Provided data ->
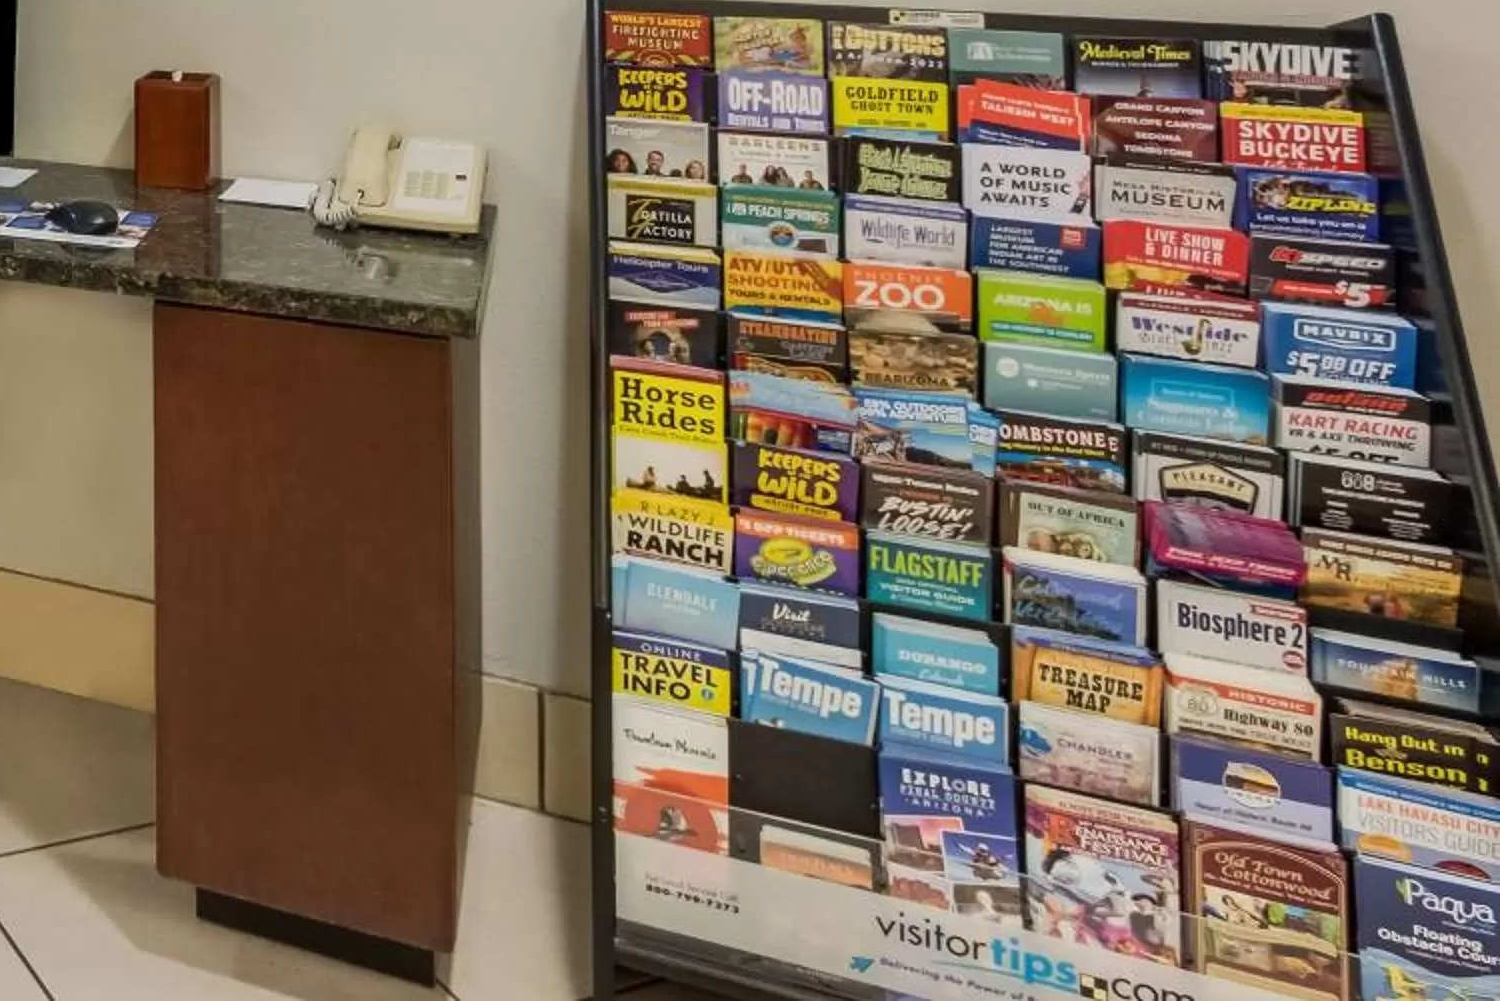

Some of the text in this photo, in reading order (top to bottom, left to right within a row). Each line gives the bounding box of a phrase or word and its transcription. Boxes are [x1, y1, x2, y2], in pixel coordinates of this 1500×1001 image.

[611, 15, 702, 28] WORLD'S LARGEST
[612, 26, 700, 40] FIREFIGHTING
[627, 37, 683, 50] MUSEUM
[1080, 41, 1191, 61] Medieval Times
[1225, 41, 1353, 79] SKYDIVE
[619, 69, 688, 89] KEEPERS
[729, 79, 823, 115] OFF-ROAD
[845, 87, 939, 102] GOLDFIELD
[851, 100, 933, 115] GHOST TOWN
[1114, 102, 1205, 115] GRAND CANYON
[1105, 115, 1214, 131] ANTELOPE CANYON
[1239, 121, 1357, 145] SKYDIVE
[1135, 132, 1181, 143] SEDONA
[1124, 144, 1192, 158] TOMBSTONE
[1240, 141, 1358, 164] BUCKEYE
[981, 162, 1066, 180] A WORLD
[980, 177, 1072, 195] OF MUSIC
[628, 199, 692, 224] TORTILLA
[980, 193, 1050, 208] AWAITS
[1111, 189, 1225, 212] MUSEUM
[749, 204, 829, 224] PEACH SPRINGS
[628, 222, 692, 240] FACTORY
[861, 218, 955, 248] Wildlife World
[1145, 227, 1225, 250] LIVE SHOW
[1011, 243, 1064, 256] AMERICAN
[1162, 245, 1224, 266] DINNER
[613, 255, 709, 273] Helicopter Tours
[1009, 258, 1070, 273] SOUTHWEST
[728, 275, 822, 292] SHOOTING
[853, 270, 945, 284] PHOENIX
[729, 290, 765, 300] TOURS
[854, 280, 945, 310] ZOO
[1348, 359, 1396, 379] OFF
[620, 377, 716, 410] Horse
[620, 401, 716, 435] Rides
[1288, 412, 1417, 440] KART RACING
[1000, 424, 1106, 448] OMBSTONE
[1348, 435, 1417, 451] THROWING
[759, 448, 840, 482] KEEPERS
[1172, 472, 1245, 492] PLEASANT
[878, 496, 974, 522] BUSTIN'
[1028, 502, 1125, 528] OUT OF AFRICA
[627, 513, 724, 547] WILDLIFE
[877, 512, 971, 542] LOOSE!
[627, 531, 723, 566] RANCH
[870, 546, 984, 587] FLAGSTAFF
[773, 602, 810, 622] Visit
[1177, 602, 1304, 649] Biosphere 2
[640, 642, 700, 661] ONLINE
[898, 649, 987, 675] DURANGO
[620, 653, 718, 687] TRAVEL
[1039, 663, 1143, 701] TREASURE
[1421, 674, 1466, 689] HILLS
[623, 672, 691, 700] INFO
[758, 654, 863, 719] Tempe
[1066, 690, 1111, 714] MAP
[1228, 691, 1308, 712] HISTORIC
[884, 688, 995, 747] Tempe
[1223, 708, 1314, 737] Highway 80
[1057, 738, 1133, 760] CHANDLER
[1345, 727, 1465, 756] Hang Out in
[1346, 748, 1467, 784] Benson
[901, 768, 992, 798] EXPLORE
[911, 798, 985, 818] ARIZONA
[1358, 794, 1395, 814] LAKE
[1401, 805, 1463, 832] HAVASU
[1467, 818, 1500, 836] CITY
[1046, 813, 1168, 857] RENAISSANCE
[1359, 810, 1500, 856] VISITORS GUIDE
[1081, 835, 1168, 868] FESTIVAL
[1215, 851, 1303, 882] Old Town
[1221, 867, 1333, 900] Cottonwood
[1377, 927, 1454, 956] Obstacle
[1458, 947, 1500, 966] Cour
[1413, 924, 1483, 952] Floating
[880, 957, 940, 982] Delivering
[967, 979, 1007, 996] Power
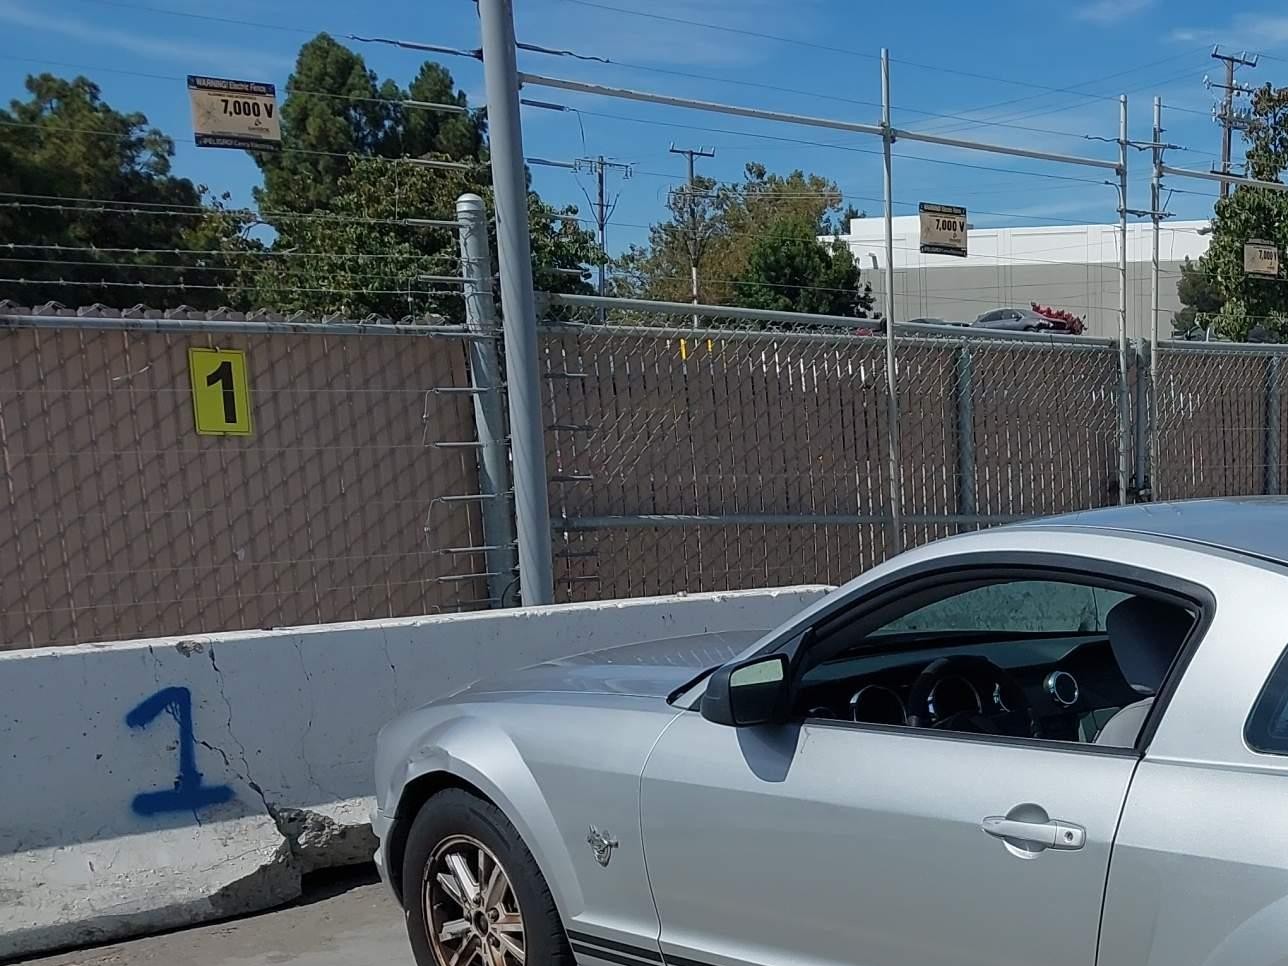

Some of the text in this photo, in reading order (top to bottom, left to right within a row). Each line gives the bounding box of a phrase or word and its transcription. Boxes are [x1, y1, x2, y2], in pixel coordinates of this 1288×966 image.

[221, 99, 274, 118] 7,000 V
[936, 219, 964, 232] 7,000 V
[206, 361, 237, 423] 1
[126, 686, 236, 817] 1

Description of the task ->
All of the data must be set down exactly, with no pictures included.

Answer area ->
Some of the text in this photo, in reading order (top to bottom, left to right within a row). Each line gives the bounding box of a phrase or word and its transcription. Boxes are [x1, y1, x2, y2], in pixel coordinates of this 1500×1001 image.

[611, 15, 702, 28] WORLD'S LARGEST
[612, 26, 700, 40] FIREFIGHTING
[627, 37, 683, 50] MUSEUM
[1080, 41, 1191, 61] Medieval Times
[1225, 41, 1353, 79] SKYDIVE
[619, 69, 688, 89] KEEPERS
[729, 79, 823, 115] OFF-ROAD
[845, 87, 939, 102] GOLDFIELD
[851, 100, 933, 115] GHOST TOWN
[1114, 102, 1205, 115] GRAND CANYON
[1105, 115, 1214, 131] ANTELOPE CANYON
[1239, 121, 1357, 145] SKYDIVE
[1135, 132, 1181, 143] SEDONA
[1124, 144, 1192, 158] TOMBSTONE
[1240, 141, 1358, 164] BUCKEYE
[981, 162, 1066, 180] A WORLD
[980, 177, 1072, 195] OF MUSIC
[628, 199, 692, 224] TORTILLA
[980, 193, 1050, 208] AWAITS
[1111, 189, 1225, 212] MUSEUM
[749, 204, 829, 224] PEACH SPRINGS
[628, 222, 692, 240] FACTORY
[861, 218, 955, 248] Wildlife World
[1145, 227, 1225, 250] LIVE SHOW
[1011, 243, 1064, 256] AMERICAN
[1162, 245, 1224, 266] DINNER
[613, 255, 709, 273] Helicopter Tours
[1009, 258, 1070, 273] SOUTHWEST
[728, 275, 822, 292] SHOOTING
[853, 270, 945, 284] PHOENIX
[729, 290, 765, 300] TOURS
[854, 280, 945, 310] ZOO
[1348, 359, 1396, 379] OFF
[620, 377, 716, 410] Horse
[620, 401, 716, 435] Rides
[1288, 412, 1417, 440] KART RACING
[1000, 424, 1106, 448] OMBSTONE
[1348, 435, 1417, 451] THROWING
[759, 448, 840, 482] KEEPERS
[1172, 472, 1245, 492] PLEASANT
[878, 496, 974, 522] BUSTIN'
[1028, 502, 1125, 528] OUT OF AFRICA
[627, 513, 724, 547] WILDLIFE
[877, 512, 971, 542] LOOSE!
[627, 531, 723, 566] RANCH
[870, 546, 984, 587] FLAGSTAFF
[773, 602, 810, 622] Visit
[1177, 602, 1304, 649] Biosphere 2
[640, 642, 700, 661] ONLINE
[898, 649, 987, 675] DURANGO
[620, 653, 718, 687] TRAVEL
[1039, 663, 1143, 701] TREASURE
[1421, 674, 1466, 689] HILLS
[623, 672, 691, 700] INFO
[758, 654, 863, 719] Tempe
[1066, 690, 1111, 714] MAP
[1228, 691, 1308, 712] HISTORIC
[884, 688, 995, 747] Tempe
[1223, 708, 1314, 737] Highway 80
[1057, 738, 1133, 760] CHANDLER
[1345, 727, 1465, 756] Hang Out in
[1346, 748, 1467, 784] Benson
[901, 768, 992, 798] EXPLORE
[911, 798, 985, 818] ARIZONA
[1358, 794, 1395, 814] LAKE
[1401, 805, 1463, 832] HAVASU
[1467, 818, 1500, 836] CITY
[1046, 813, 1168, 857] RENAISSANCE
[1359, 810, 1500, 856] VISITORS GUIDE
[1081, 835, 1168, 868] FESTIVAL
[1215, 851, 1303, 882] Old Town
[1221, 867, 1333, 900] Cottonwood
[1377, 927, 1454, 956] Obstacle
[1458, 947, 1500, 966] Cour
[1413, 924, 1483, 952] Floating
[880, 957, 940, 982] Delivering
[967, 979, 1007, 996] Power

Some of the text in this photo, in reading order (top to bottom, left to right within a row). Each line gives the bounding box of a phrase or word and its transcription. Boxes are [x1, y1, x2, y2], in pixel coordinates of this 1288×966 image.

[221, 99, 274, 118] 7,000 V
[936, 219, 964, 232] 7,000 V
[206, 361, 237, 423] 1
[126, 686, 236, 817] 1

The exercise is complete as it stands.